Digital 

Les cultures numériques auront un lieu à Genève

Le D.I.X. pourrait aider la ville à s’imposer comme centre suisse de la création digitale

Pour le moment, ce n’est qu’une porte de garage au pied d’un immeuble de logements du tournant du XXe siècle, dans le quartier genevois des Pâquis. Mais en novembre, si ses enthousiastes promoteurs tiennent leur calendrier, le D.I.X. déploiera ses espaces futuristes derrière cette porte. D.I.X parce que nous sommes au 10 rue Jean-Jacquet, et pour Digital Interactive Xperience.

Le D.I.X., un peu moins de 600 m2 sans les bureaux, se projette donc en lieu de création, avec des résidences, de l’incubation de projets, une petite salle VR – pour réalité virtuelle – avec des sièges pivotant à 360°, une autre à peine plus grande (une soixantaine de places) pour les films interactifs et autres séries web, un espace d’exposition, ou encore un fonds de documentation, en collaboration avec les Bibliothèques municipales.

Centre suisse de la création numérique

On saisit sans doute un peu mieux le projet en regardant l’identité de ses promoteurs, réunis au sein de la Fondation pour la création numérique. Le trio de base tout d’abord. Alexandre Iordachescu, producteur indépendant (Elefantfilms), préside la Fondation accompagné par Abir Oreibi, directrice de LIFT Conferences, et Emmanuel Cuenod, directeur du Festival tous écrans. Le D.I.X. souhaite rien moins que positionner Genève comme le centre suisse de la création numérique, Zurich existant déjà comme pôle de diffusion.
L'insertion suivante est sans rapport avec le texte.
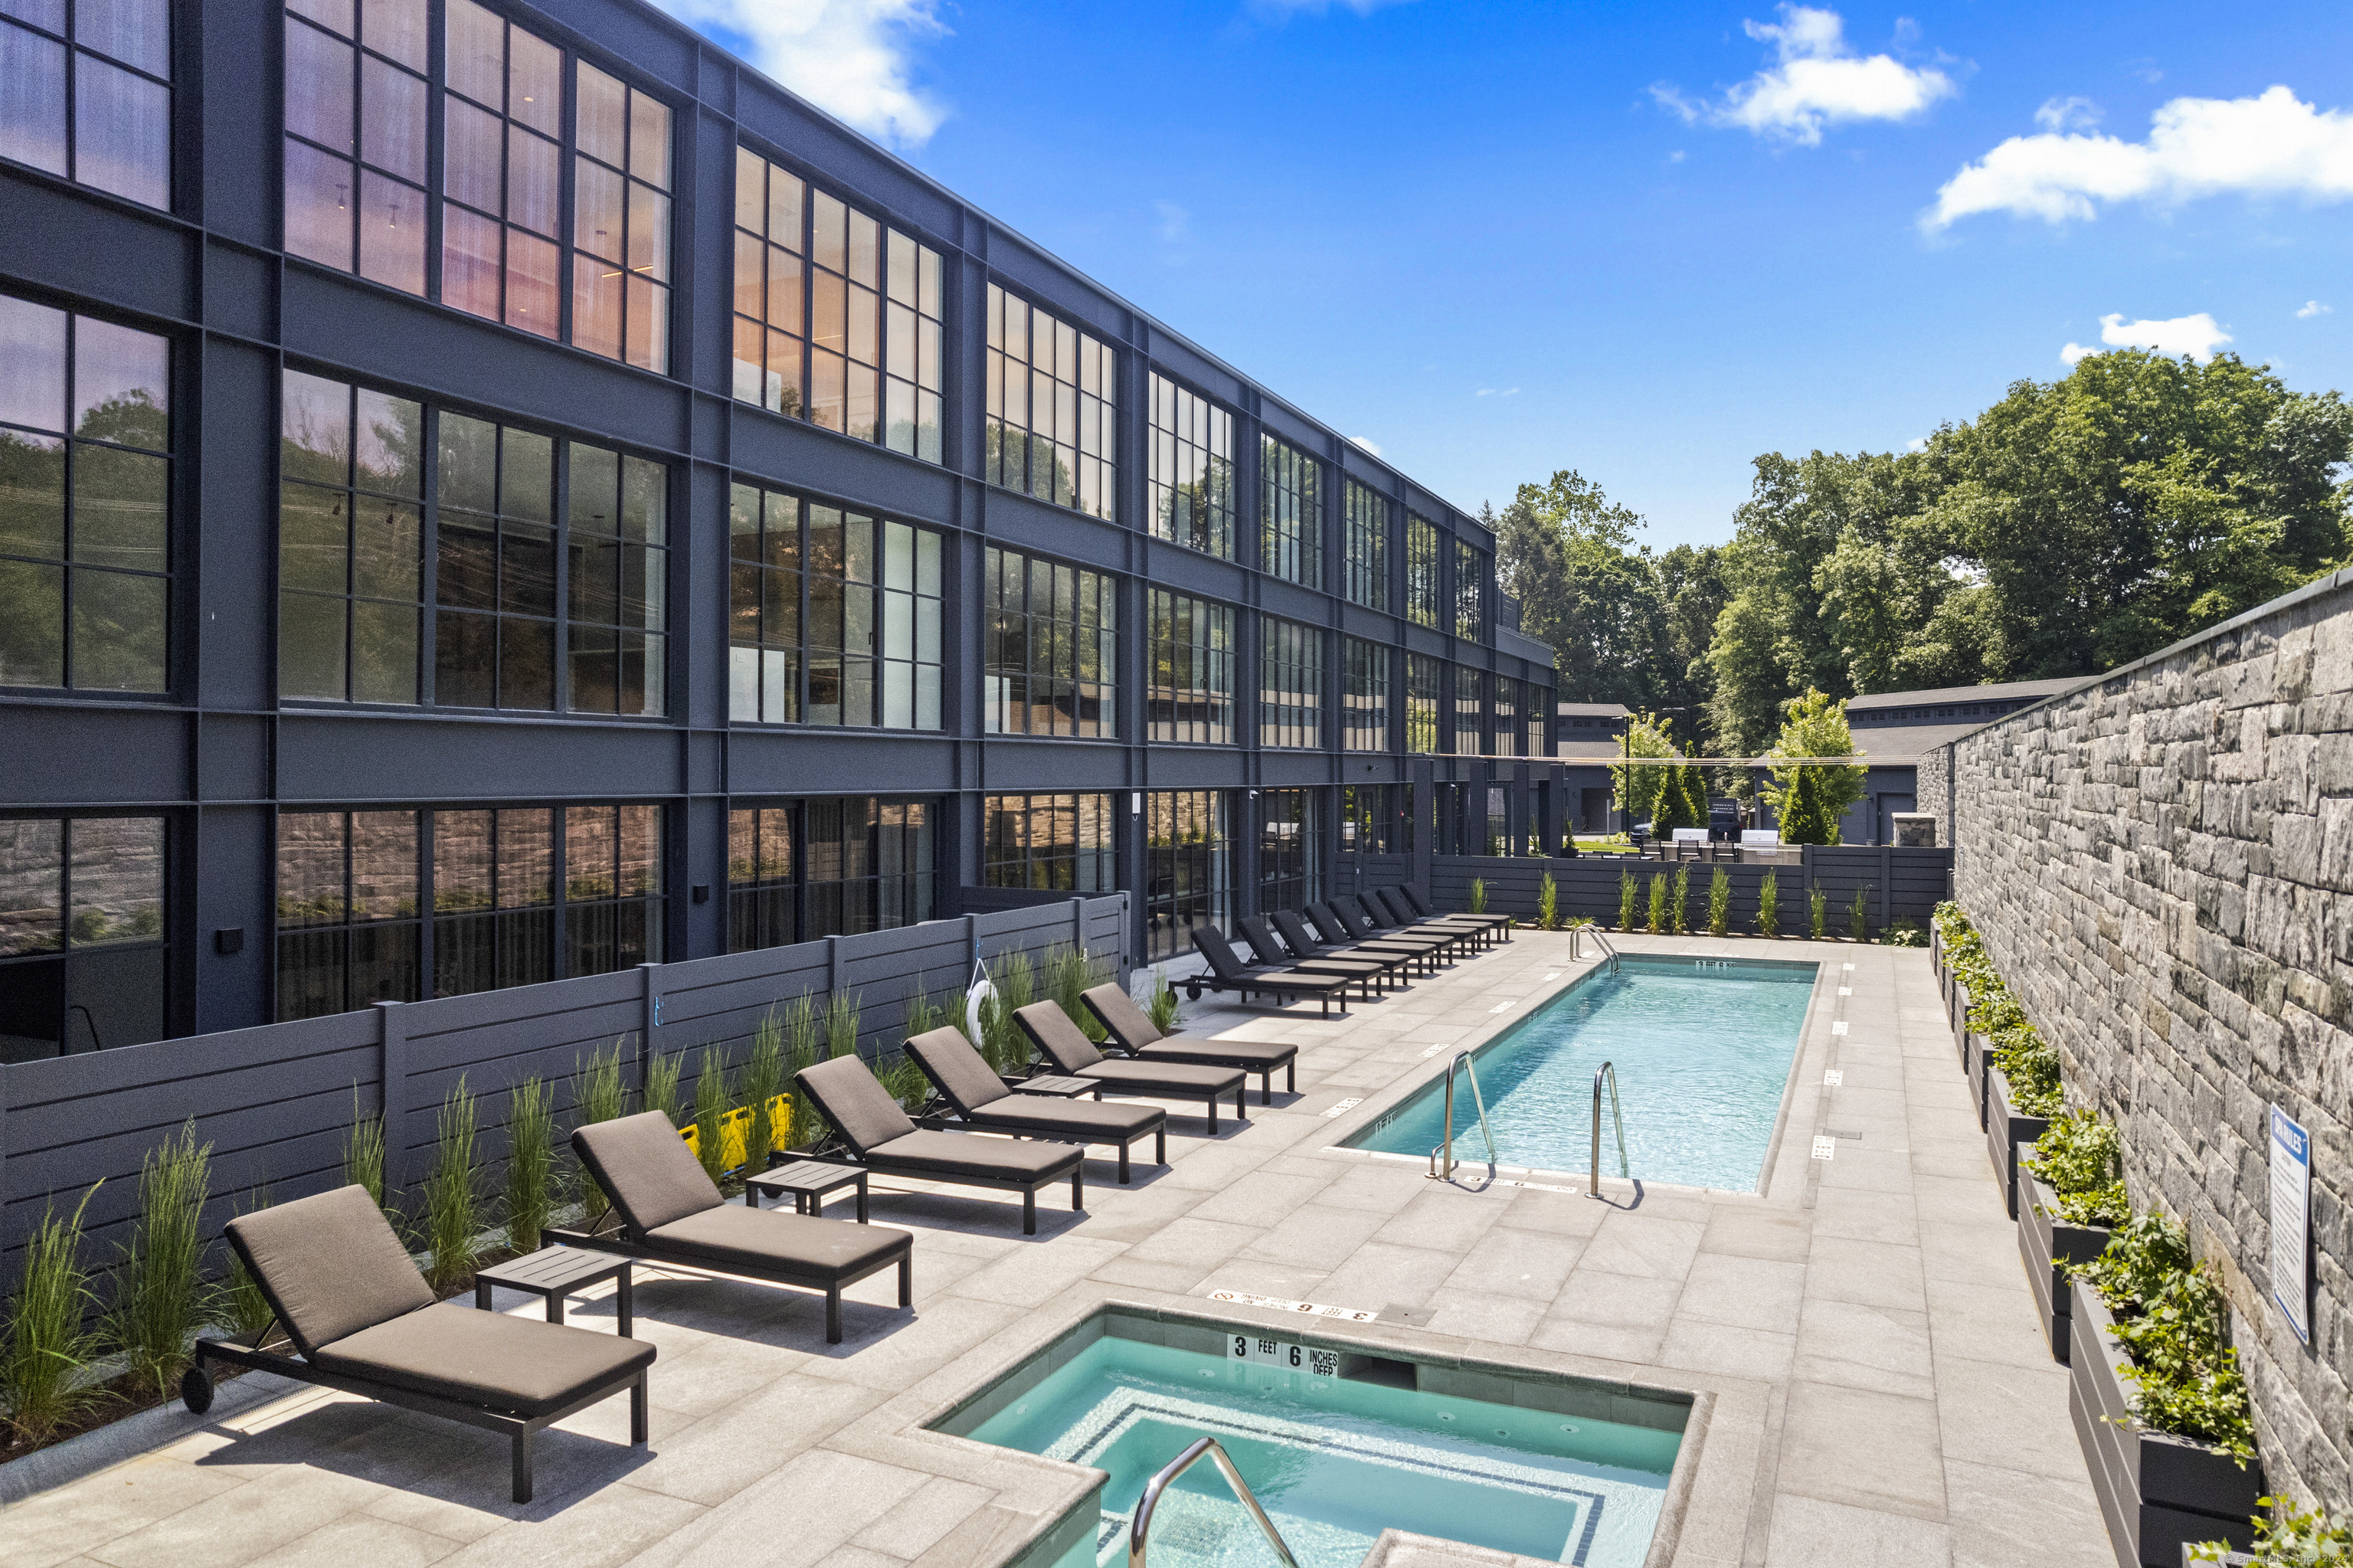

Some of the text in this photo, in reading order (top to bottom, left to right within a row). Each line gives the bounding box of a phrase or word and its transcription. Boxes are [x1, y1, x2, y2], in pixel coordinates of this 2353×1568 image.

[2274, 1115, 2302, 1154] SPA RULES
[1240, 1293, 1268, 1301] DIVING
[1297, 1304, 1369, 1321] 3 FEET 6
[1235, 1336, 1301, 1367] 3 FEET 6
[1310, 1349, 1337, 1367] INCHES
[1313, 1363, 1334, 1377] DEEP
Pour cela, il joue avec les dimensions, du local à l’international. Cela se voit avec les membres de son conseil de programmation, appelé à se réunir dès les prochaines semaines pour donner les premières impulsions. On y retrouve des responsables d’Animatou, festival du film d’animation, de la Head Genève, du Near Future Laboratory, de l’EPFL, de Swissnex San Francisco, du Forum des images parisien, ou encore de la Société des arts technologiques de Montréal.

Budget annuel de 500 000 francs

Si c’est le Département de la culture et des sports, qui a convoqué la conférence de presse, avec la présence de son magistrat Sami Kanaan, il n’aura qu’un représentant dans ce conseil et ne devrait subventionner ni les travaux, ni le fonctionnement de base mais sans doute des projets particuliers. «Le rôle de la Ville a été pour nous essentiel car nous avons pu recevoir l’argent nécessaire pour lancer l’aventure quand ce lieu inespéré s’est libéré, essentiellement grâce au programme G’innove», explique Alexandre Iordachescu.

Pour les travaux, le D.I.X est en train de réunir le million et demi de francs nécessaires auprès de fondations. Pour le fonctionnement, le budget annuel de base est estimé à 500 000 francs, perçus grâce à la billetterie, au bar vegan, ou à la location d’espaces pour des événements. Chaque activité nouvelle trouvera par ailleurs son propre budget.

Et l’expérience le dit, ce genre de projets tournés vers l’innovation, où le matériel est aussi vite obsolète que les idées, n’est qu’un éternel recommencement. Son président espère que le D.I.X. donnera à des jeunes les mêmes impulsions que le Centre pour l’image a pu lui donner quand il avait 18 ans. Le CIC n’a pas su convaincre de son aptitude à appartenir à son époque et a vu ainsi ses activités éclatées il y a bientôt dix ans. Le D.I.X. en sera peut-être un héritier.